§ **What you have to do**:
Transcribe each of the entries exactly.
** Records shown follows **
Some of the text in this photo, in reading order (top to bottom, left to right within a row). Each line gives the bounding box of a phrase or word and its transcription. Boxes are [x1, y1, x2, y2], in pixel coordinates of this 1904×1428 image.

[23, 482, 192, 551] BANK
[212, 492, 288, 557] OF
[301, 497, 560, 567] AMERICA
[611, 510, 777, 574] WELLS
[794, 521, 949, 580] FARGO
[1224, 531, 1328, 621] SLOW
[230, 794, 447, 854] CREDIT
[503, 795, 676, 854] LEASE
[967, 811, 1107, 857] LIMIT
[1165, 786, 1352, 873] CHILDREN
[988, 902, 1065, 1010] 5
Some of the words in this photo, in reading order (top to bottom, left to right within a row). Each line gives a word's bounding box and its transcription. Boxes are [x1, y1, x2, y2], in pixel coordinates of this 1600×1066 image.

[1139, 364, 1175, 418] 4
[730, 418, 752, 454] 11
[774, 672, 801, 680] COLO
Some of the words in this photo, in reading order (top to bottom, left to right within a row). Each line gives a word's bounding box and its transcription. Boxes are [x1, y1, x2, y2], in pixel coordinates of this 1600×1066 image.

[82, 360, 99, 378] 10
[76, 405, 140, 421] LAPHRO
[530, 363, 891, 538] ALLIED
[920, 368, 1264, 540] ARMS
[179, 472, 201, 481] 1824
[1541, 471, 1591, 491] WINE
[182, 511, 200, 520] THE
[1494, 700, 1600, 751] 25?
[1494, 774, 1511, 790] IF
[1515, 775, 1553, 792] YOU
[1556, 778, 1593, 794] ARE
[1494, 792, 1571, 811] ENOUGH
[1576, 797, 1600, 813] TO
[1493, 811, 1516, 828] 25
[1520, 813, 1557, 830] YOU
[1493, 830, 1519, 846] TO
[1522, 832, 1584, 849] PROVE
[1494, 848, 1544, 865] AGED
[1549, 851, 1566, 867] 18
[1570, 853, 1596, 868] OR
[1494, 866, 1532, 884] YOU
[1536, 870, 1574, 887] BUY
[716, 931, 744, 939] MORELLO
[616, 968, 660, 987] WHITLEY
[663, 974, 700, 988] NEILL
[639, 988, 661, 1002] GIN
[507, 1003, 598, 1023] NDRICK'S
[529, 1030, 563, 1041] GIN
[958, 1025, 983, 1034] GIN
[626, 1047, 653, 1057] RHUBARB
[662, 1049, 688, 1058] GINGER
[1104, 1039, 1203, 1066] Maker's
** End of Records shown **
§ **Response for this exercise**:
Some of the text in this photo, in reading order (top to bottom, left to right within a row). Each line gives the bounding box of a phrase or word and its transcription. Boxes are [x1, y1, x2, y2], in pixel coordinates of this 1904×1428 image.

[23, 482, 192, 551] BANK
[212, 492, 288, 557] OF
[301, 497, 560, 567] AMERICA
[611, 510, 777, 574] WELLS
[794, 521, 949, 580] FARGO
[1224, 531, 1328, 621] SLOW
[230, 794, 447, 854] CREDIT
[503, 795, 676, 854] LEASE
[967, 811, 1107, 857] LIMIT
[1165, 786, 1352, 873] CHILDREN
[988, 902, 1065, 1010] 5
Some of the words in this photo, in reading order (top to bottom, left to right within a row). Each line gives a word's bounding box and its transcription. Boxes are [x1, y1, x2, y2], in pixel coordinates of this 1600×1066 image.

[1139, 364, 1175, 418] 4
[730, 418, 752, 454] 11
[774, 672, 801, 680] COLO
Some of the words in this photo, in reading order (top to bottom, left to right within a row). Each line gives a word's bounding box and its transcription. Boxes are [x1, y1, x2, y2], in pixel coordinates of this 1600×1066 image.

[82, 360, 99, 378] 10
[76, 405, 140, 421] LAPHRO
[530, 363, 891, 538] ALLIED
[920, 368, 1264, 540] ARMS
[179, 472, 201, 481] 1824
[1541, 471, 1591, 491] WINE
[182, 511, 200, 520] THE
[1494, 700, 1600, 751] 25?
[1494, 774, 1511, 790] IF
[1515, 775, 1553, 792] YOU
[1556, 778, 1593, 794] ARE
[1494, 792, 1571, 811] ENOUGH
[1576, 797, 1600, 813] TO
[1493, 811, 1516, 828] 25
[1520, 813, 1557, 830] YOU
[1493, 830, 1519, 846] TO
[1522, 832, 1584, 849] PROVE
[1494, 848, 1544, 865] AGED
[1549, 851, 1566, 867] 18
[1570, 853, 1596, 868] OR
[1494, 866, 1532, 884] YOU
[1536, 870, 1574, 887] BUY
[716, 931, 744, 939] MORELLO
[616, 968, 660, 987] WHITLEY
[663, 974, 700, 988] NEILL
[639, 988, 661, 1002] GIN
[507, 1003, 598, 1023] NDRICK'S
[529, 1030, 563, 1041] GIN
[958, 1025, 983, 1034] GIN
[626, 1047, 653, 1057] RHUBARB
[662, 1049, 688, 1058] GINGER
[1104, 1039, 1203, 1066] Maker's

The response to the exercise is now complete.